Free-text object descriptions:
[Start of section]
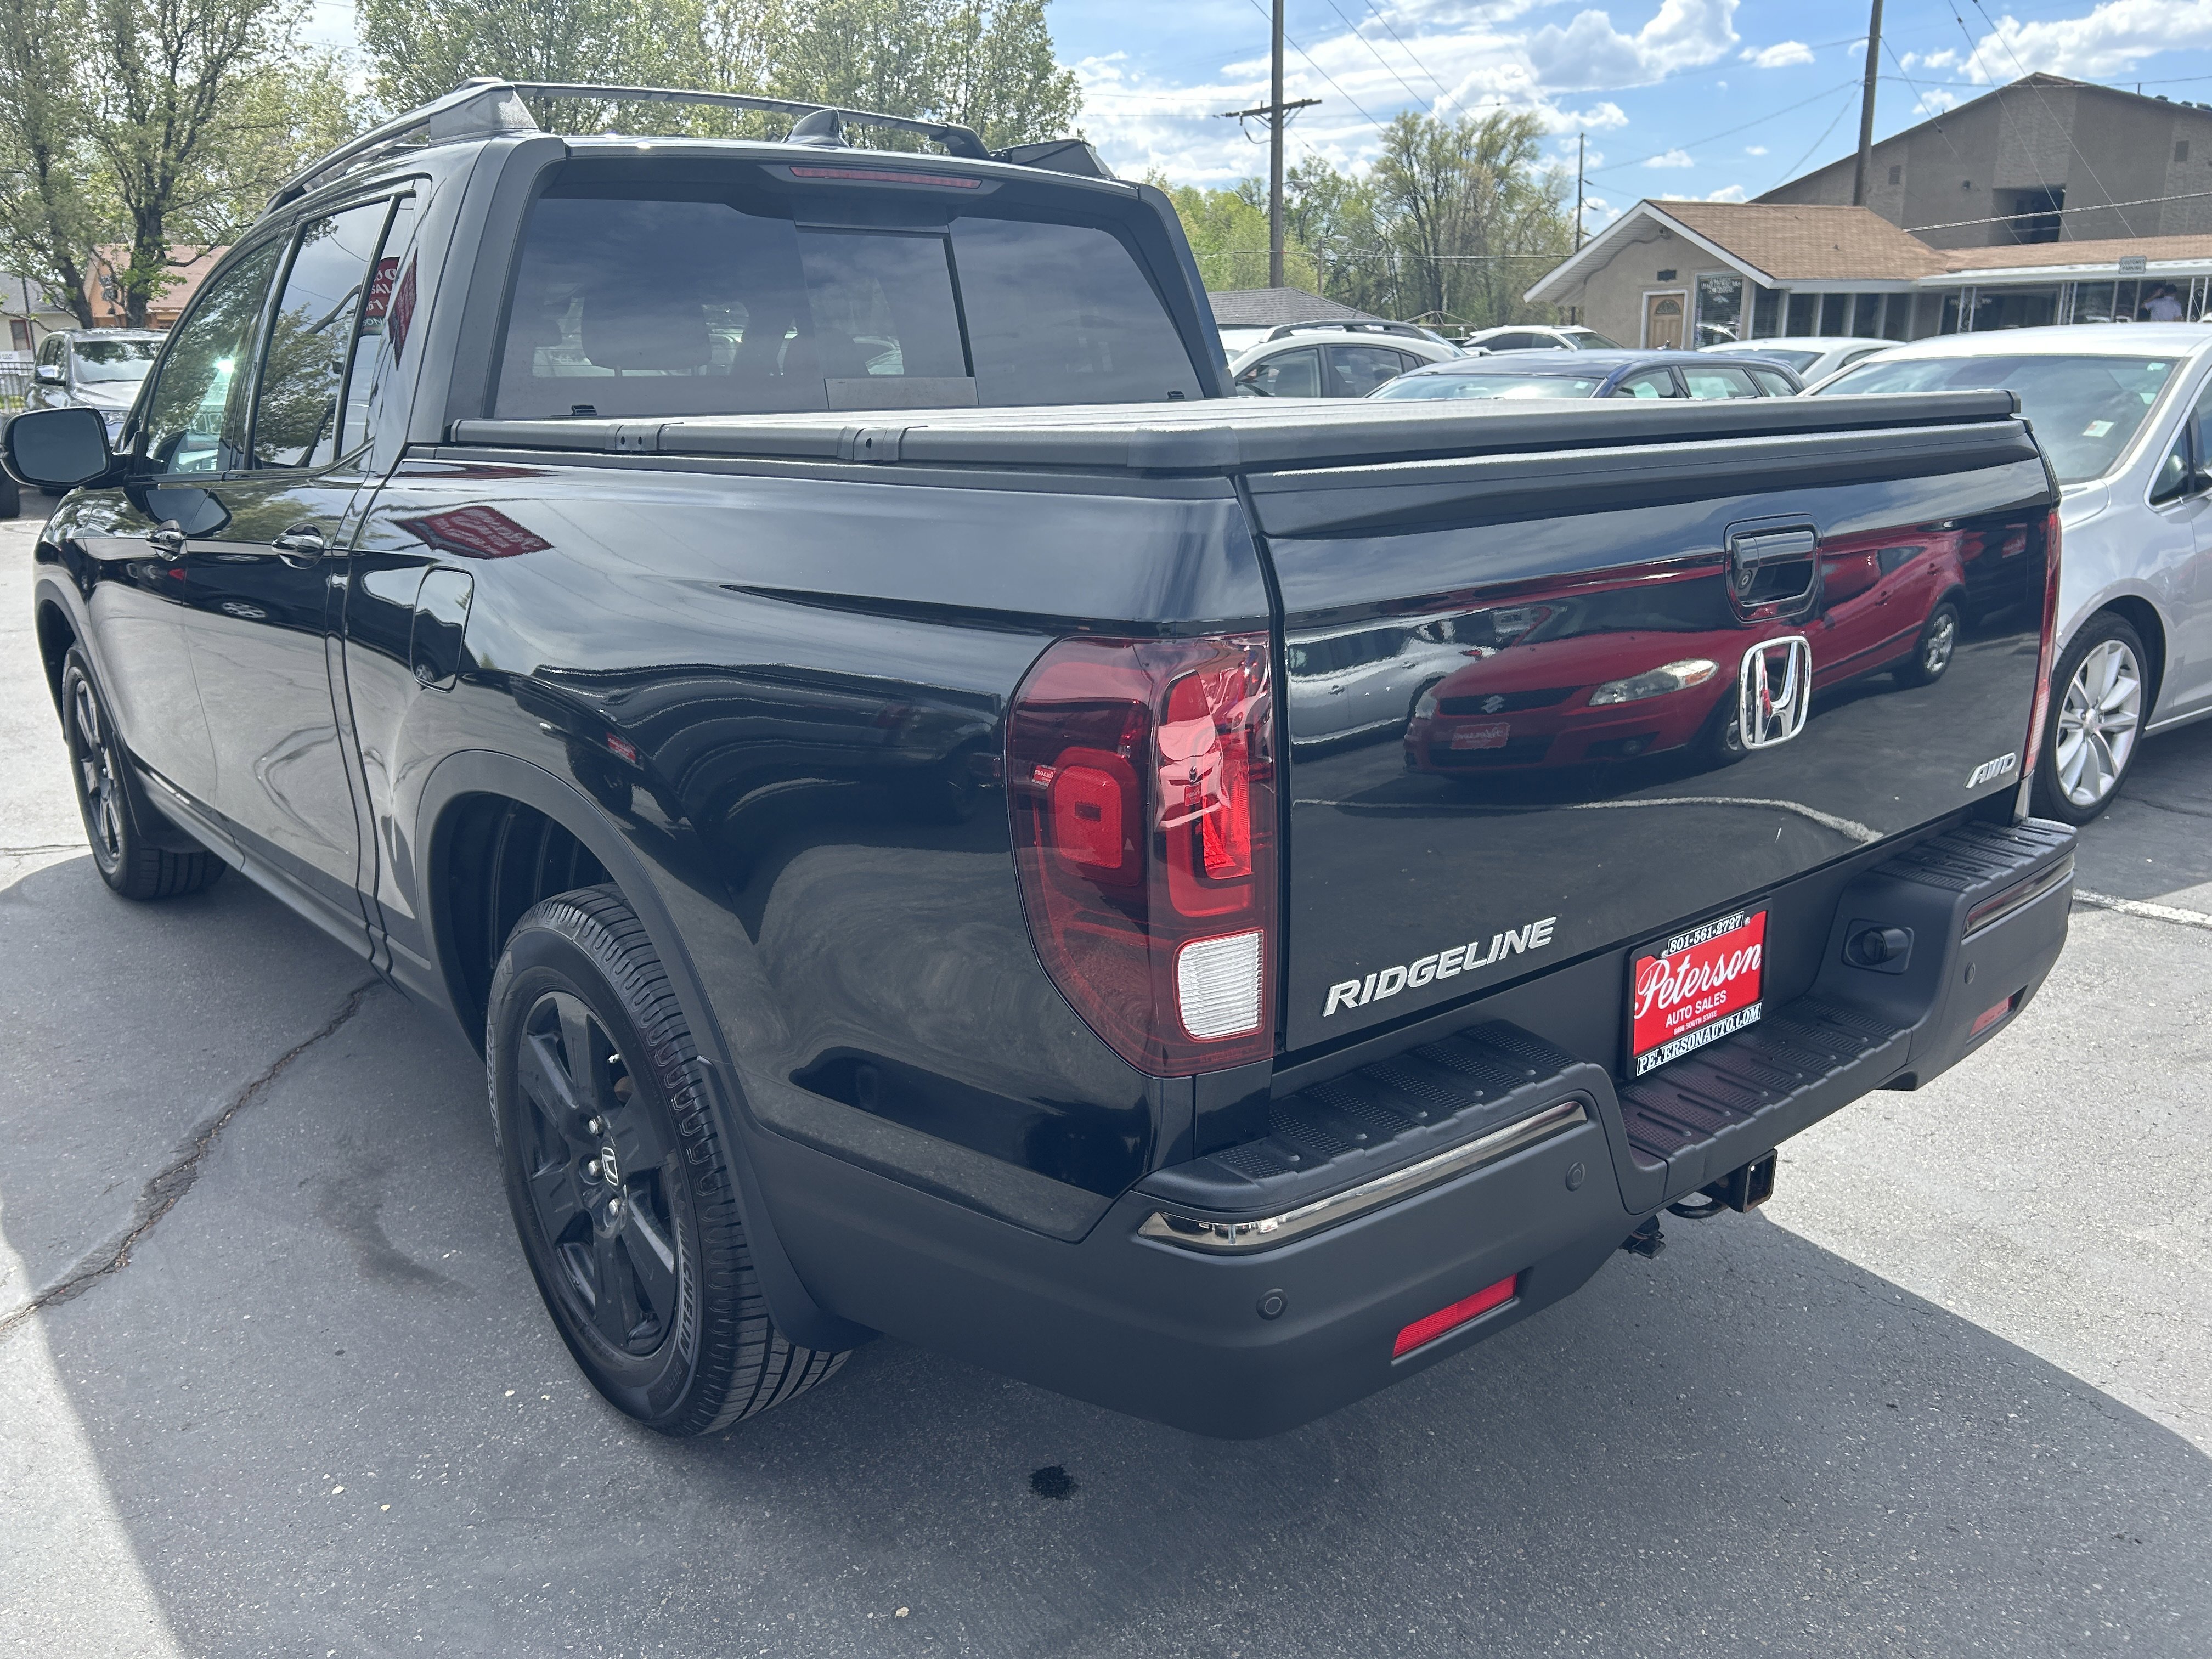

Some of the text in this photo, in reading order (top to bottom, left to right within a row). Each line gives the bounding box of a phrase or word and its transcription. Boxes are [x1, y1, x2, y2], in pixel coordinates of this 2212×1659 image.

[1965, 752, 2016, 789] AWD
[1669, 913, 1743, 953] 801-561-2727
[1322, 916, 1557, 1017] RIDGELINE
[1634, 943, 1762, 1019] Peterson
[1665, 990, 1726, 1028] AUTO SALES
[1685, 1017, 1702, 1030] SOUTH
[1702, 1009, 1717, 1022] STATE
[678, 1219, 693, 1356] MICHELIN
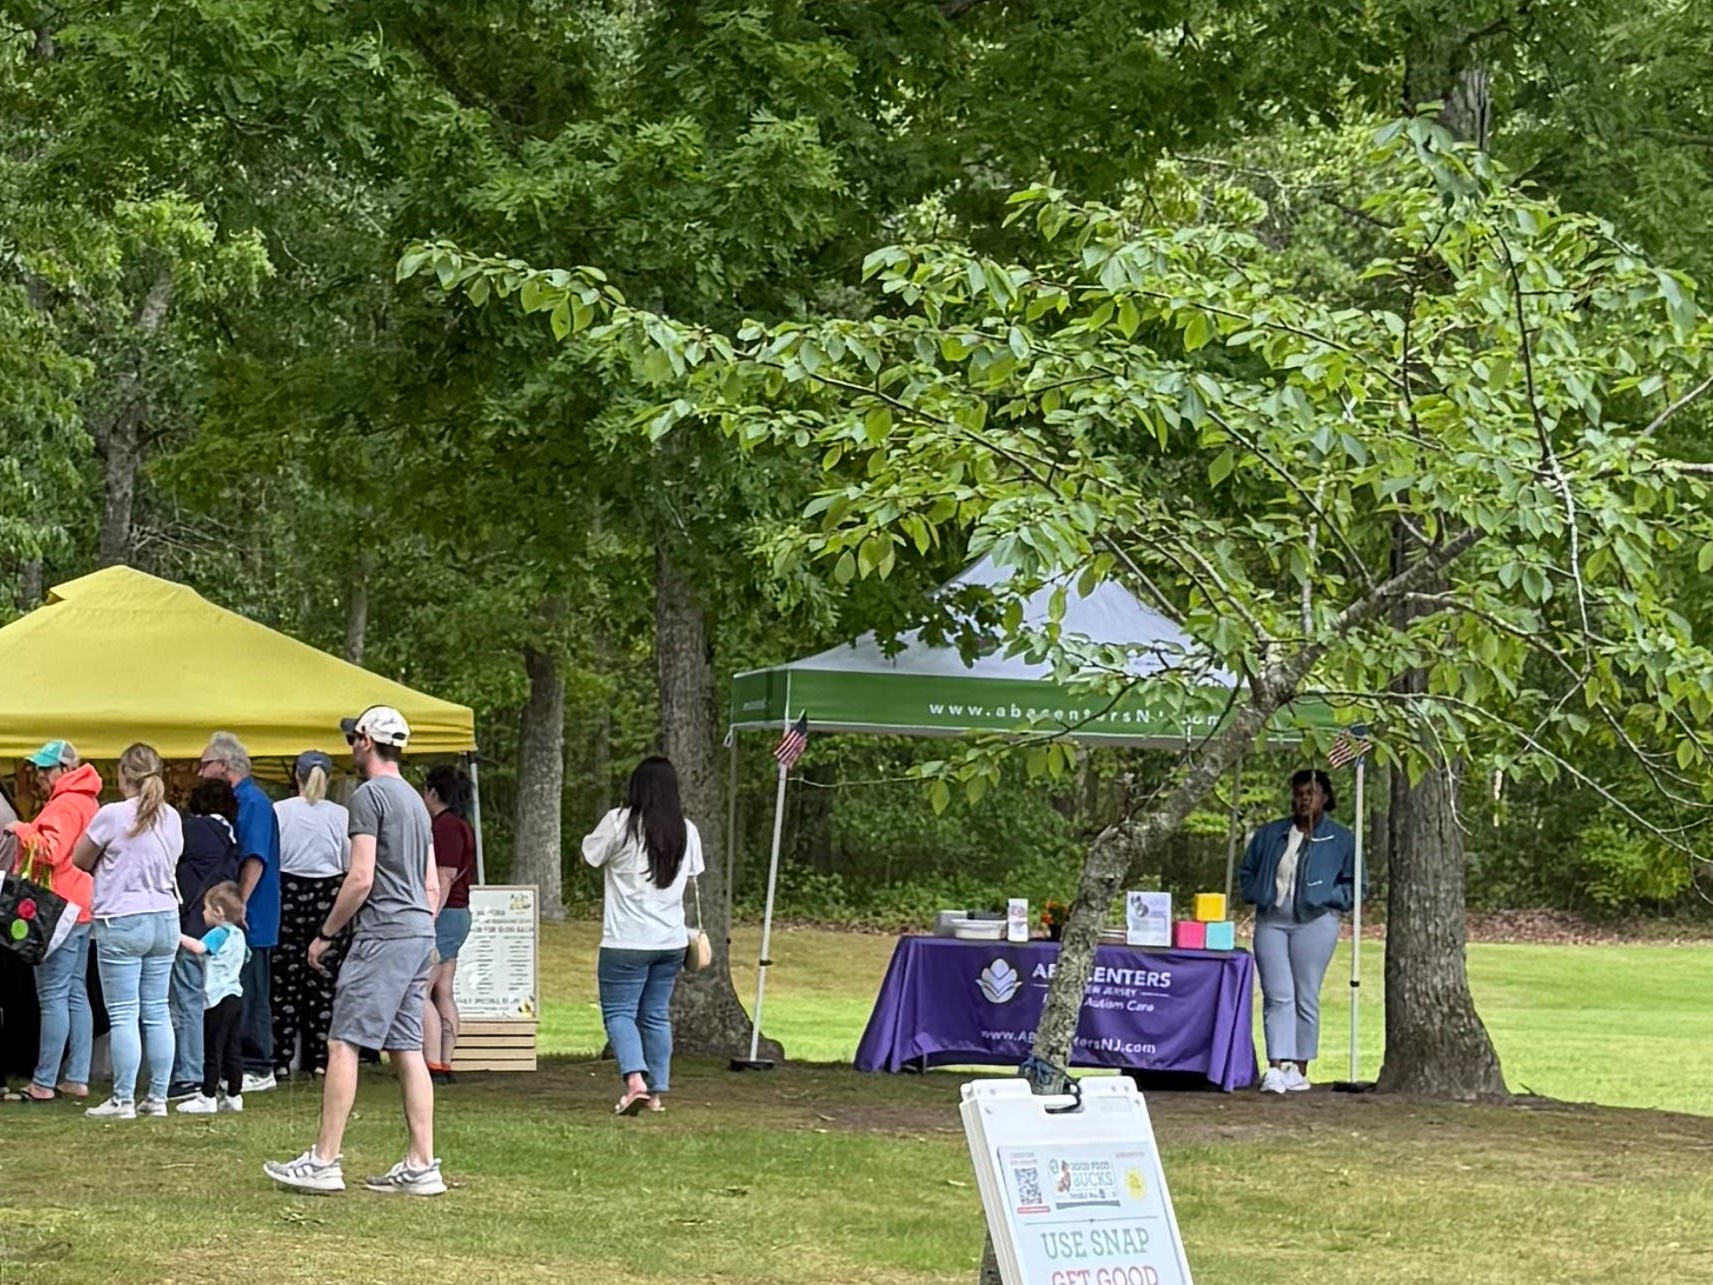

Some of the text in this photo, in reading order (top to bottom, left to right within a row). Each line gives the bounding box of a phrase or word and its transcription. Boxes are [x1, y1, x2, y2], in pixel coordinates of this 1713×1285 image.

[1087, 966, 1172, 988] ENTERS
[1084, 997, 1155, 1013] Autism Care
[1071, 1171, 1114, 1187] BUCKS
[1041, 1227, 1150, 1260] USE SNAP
[End of section]
### Instructions to follow
Word for word, reproduce all of the data, but keep out the pictures.

### Answer for the task
Some of the text in this photo, in reading order (top to bottom, left to right within a row). Each line gives the bounding box of a phrase or word and its transcription. Boxes are [x1, y1, x2, y2], in pixel coordinates of this 2212×1659 image.

[1965, 752, 2016, 789] AWD
[1669, 913, 1743, 953] 801-561-2727
[1322, 916, 1557, 1017] RIDGELINE
[1634, 943, 1762, 1019] Peterson
[1665, 990, 1726, 1028] AUTO SALES
[1685, 1017, 1702, 1030] SOUTH
[1702, 1009, 1717, 1022] STATE
[678, 1219, 693, 1356] MICHELIN

Some of the text in this photo, in reading order (top to bottom, left to right within a row). Each line gives the bounding box of a phrase or word and its transcription. Boxes are [x1, y1, x2, y2], in pixel coordinates of this 1713×1285 image.

[1087, 966, 1172, 988] ENTERS
[1084, 997, 1155, 1013] Autism Care
[1071, 1171, 1114, 1187] BUCKS
[1041, 1227, 1150, 1260] USE SNAP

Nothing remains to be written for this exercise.